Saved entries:

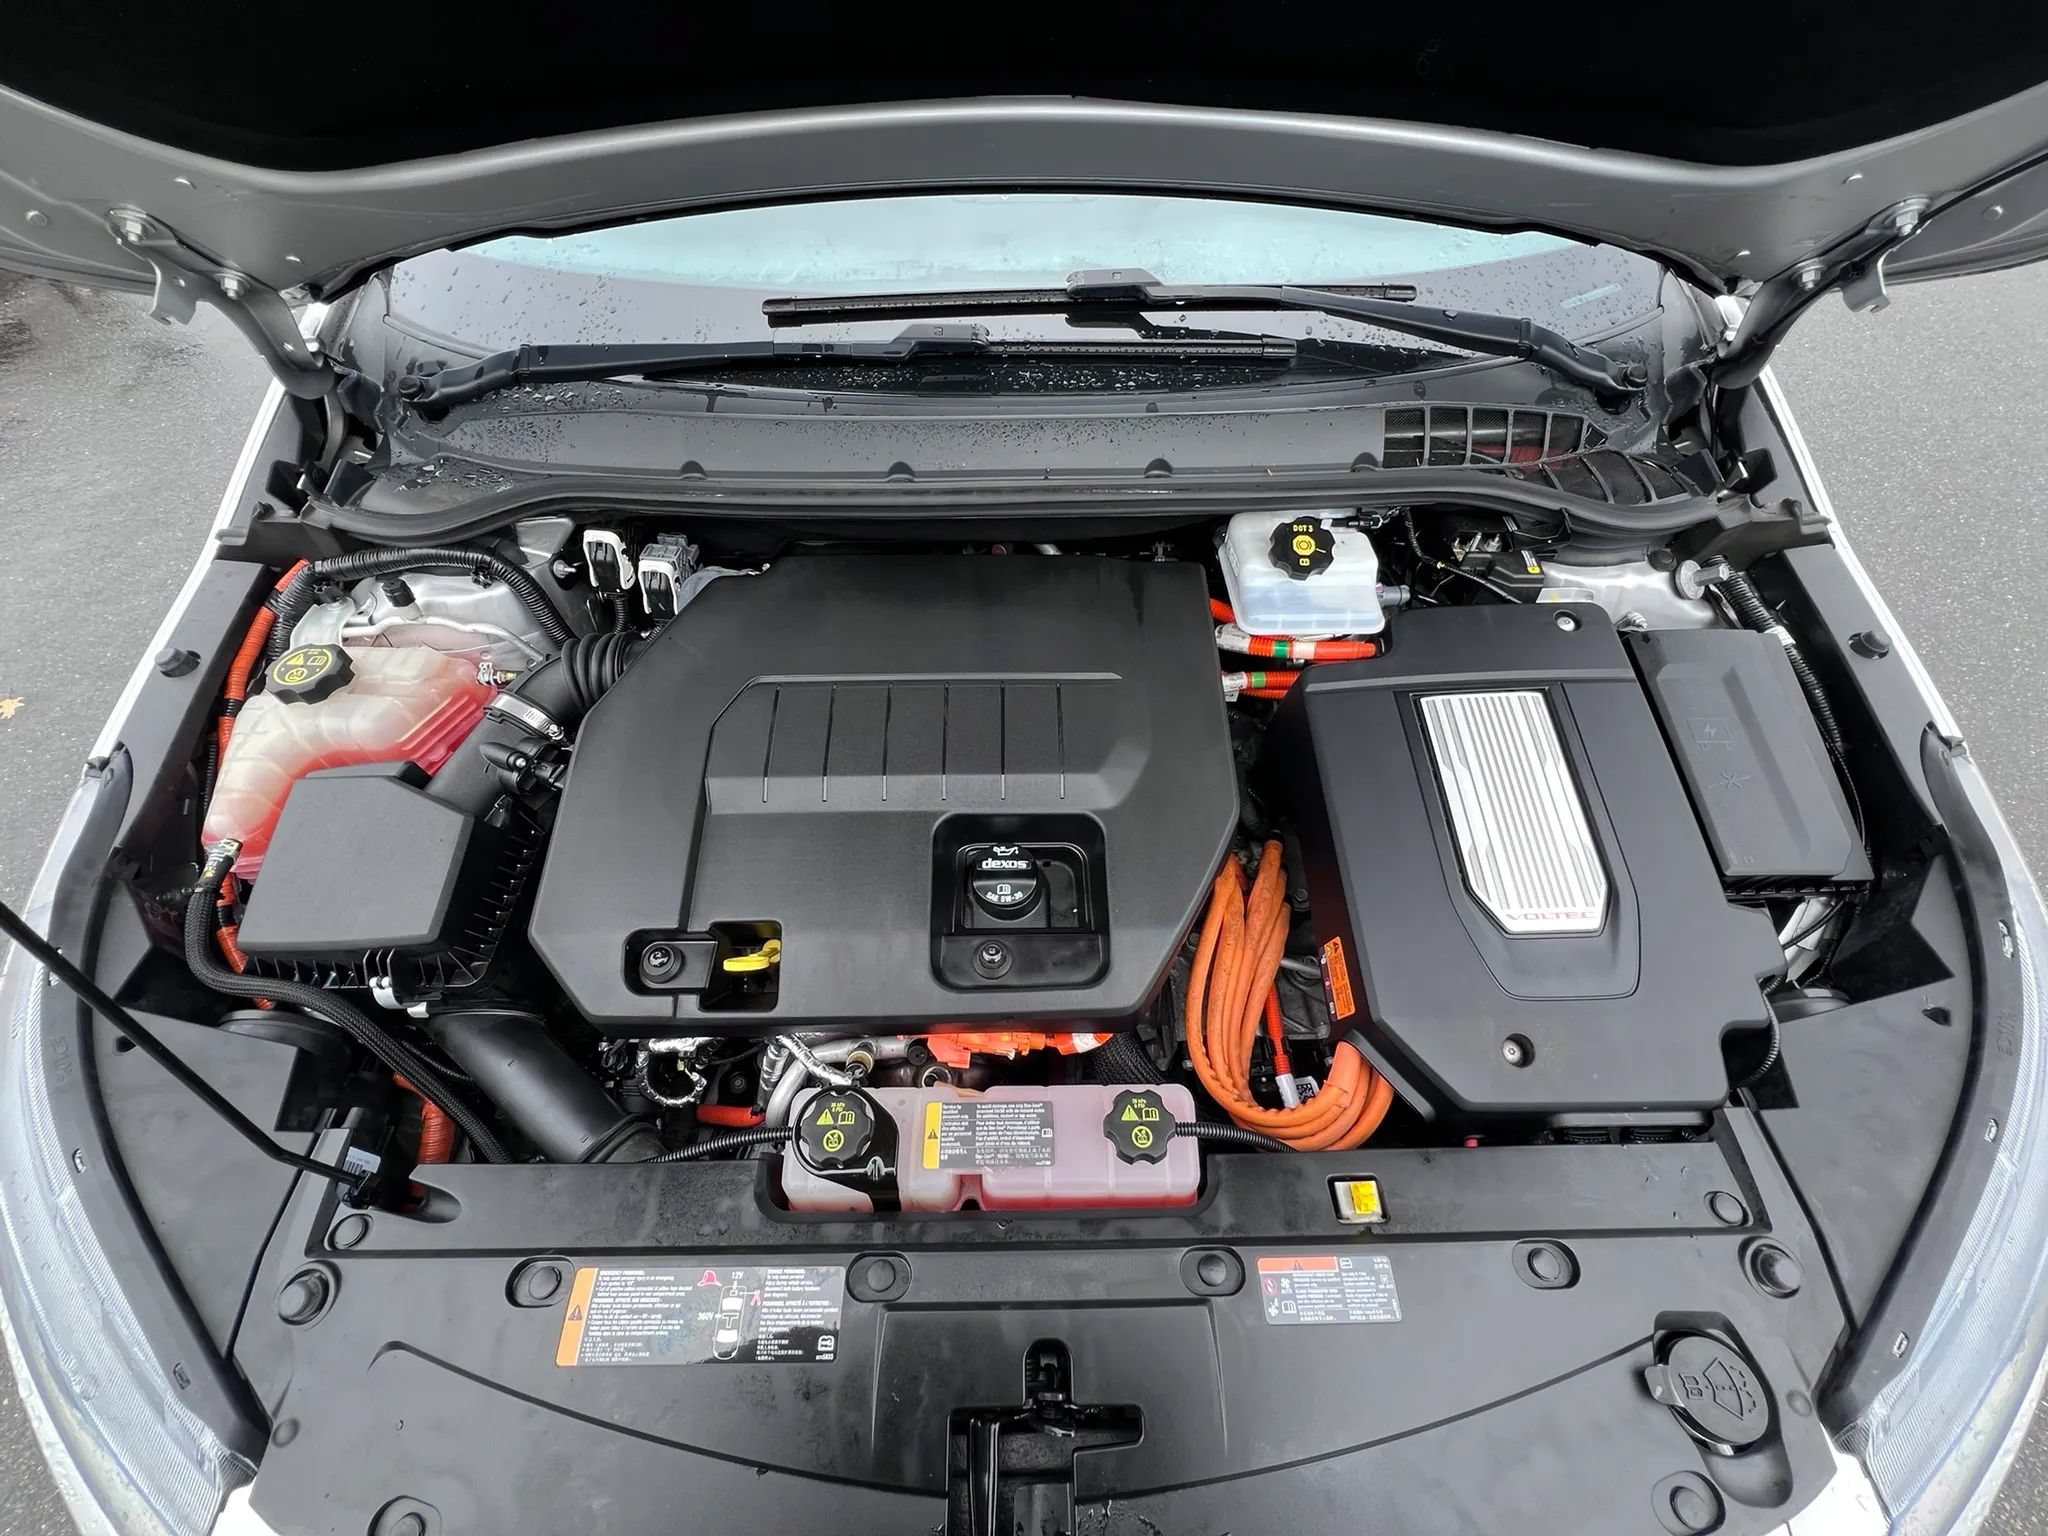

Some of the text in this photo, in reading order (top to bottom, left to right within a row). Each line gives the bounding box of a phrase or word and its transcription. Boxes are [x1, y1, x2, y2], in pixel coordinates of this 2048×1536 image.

[982, 858, 1028, 869] dexos
[986, 891, 999, 902] SAE
[1505, 912, 1597, 921] VOLTEC
[731, 1271, 744, 1279] 12V
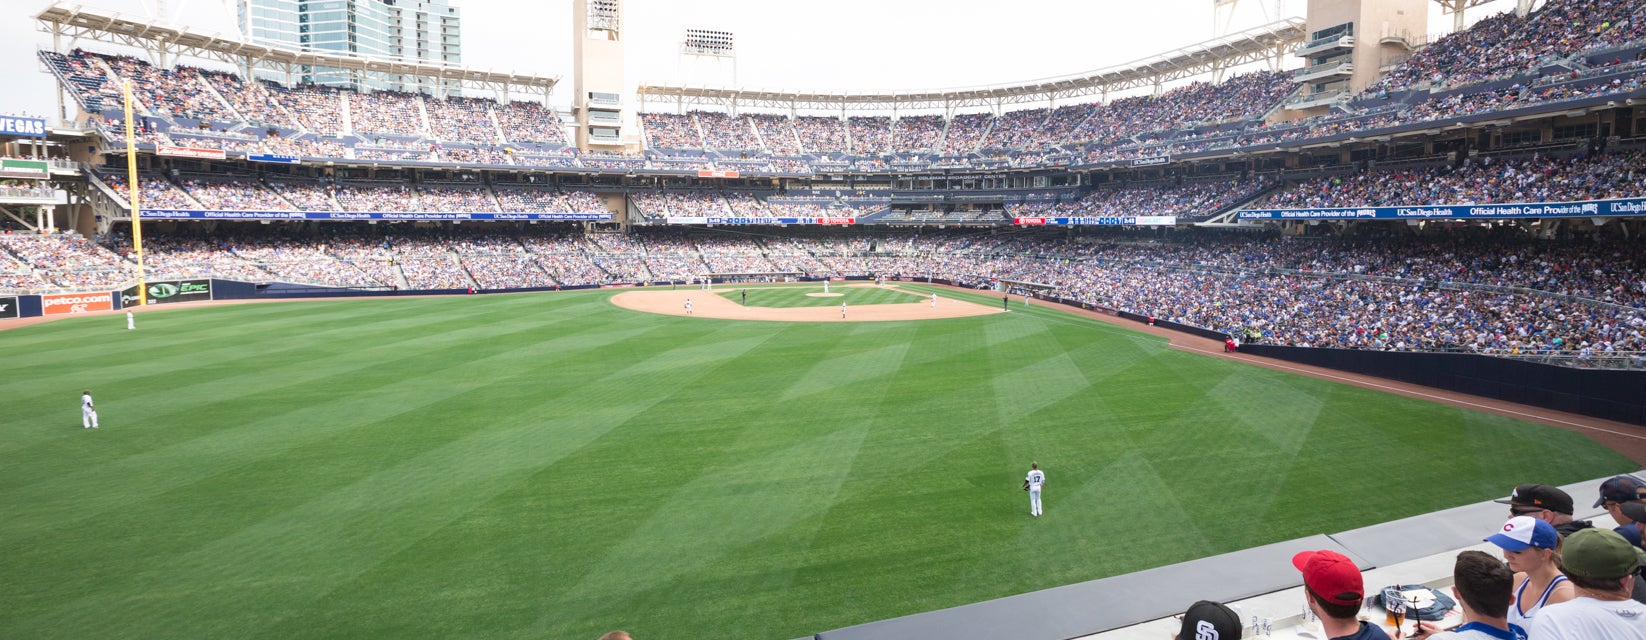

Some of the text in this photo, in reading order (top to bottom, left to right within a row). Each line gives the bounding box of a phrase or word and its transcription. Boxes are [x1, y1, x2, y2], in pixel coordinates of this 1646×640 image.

[1470, 207, 1495, 215] Official
[1544, 205, 1568, 214] Provider
[1611, 203, 1618, 212] UC
[1618, 203, 1627, 212] San
[1627, 202, 1641, 213] Diego
[1417, 209, 1433, 217] Diego
[180, 284, 208, 292] EPIC
[45, 295, 110, 307] petco.com
[1504, 523, 1514, 532] C

Exercise prompt:
Please set down the data above exactly as given, leaving every picture out.

Exercise solution:
Some of the text in this photo, in reading order (top to bottom, left to right within a row). Each line gives the bounding box of a phrase or word and its transcription. Boxes are [x1, y1, x2, y2], in pixel coordinates of this 2048×1536 image.

[982, 858, 1028, 869] dexos
[986, 891, 999, 902] SAE
[1505, 912, 1597, 921] VOLTEC
[731, 1271, 744, 1279] 12V

Some of the text in this photo, in reading order (top to bottom, left to right within a row). Each line gives the bounding box of a phrase or word and its transcription. Boxes are [x1, y1, x2, y2], in pixel coordinates of this 1646×640 image.

[1470, 207, 1495, 215] Official
[1544, 205, 1568, 214] Provider
[1611, 203, 1618, 212] UC
[1618, 203, 1627, 212] San
[1627, 202, 1641, 213] Diego
[1417, 209, 1433, 217] Diego
[180, 284, 208, 292] EPIC
[45, 295, 110, 307] petco.com
[1504, 523, 1514, 532] C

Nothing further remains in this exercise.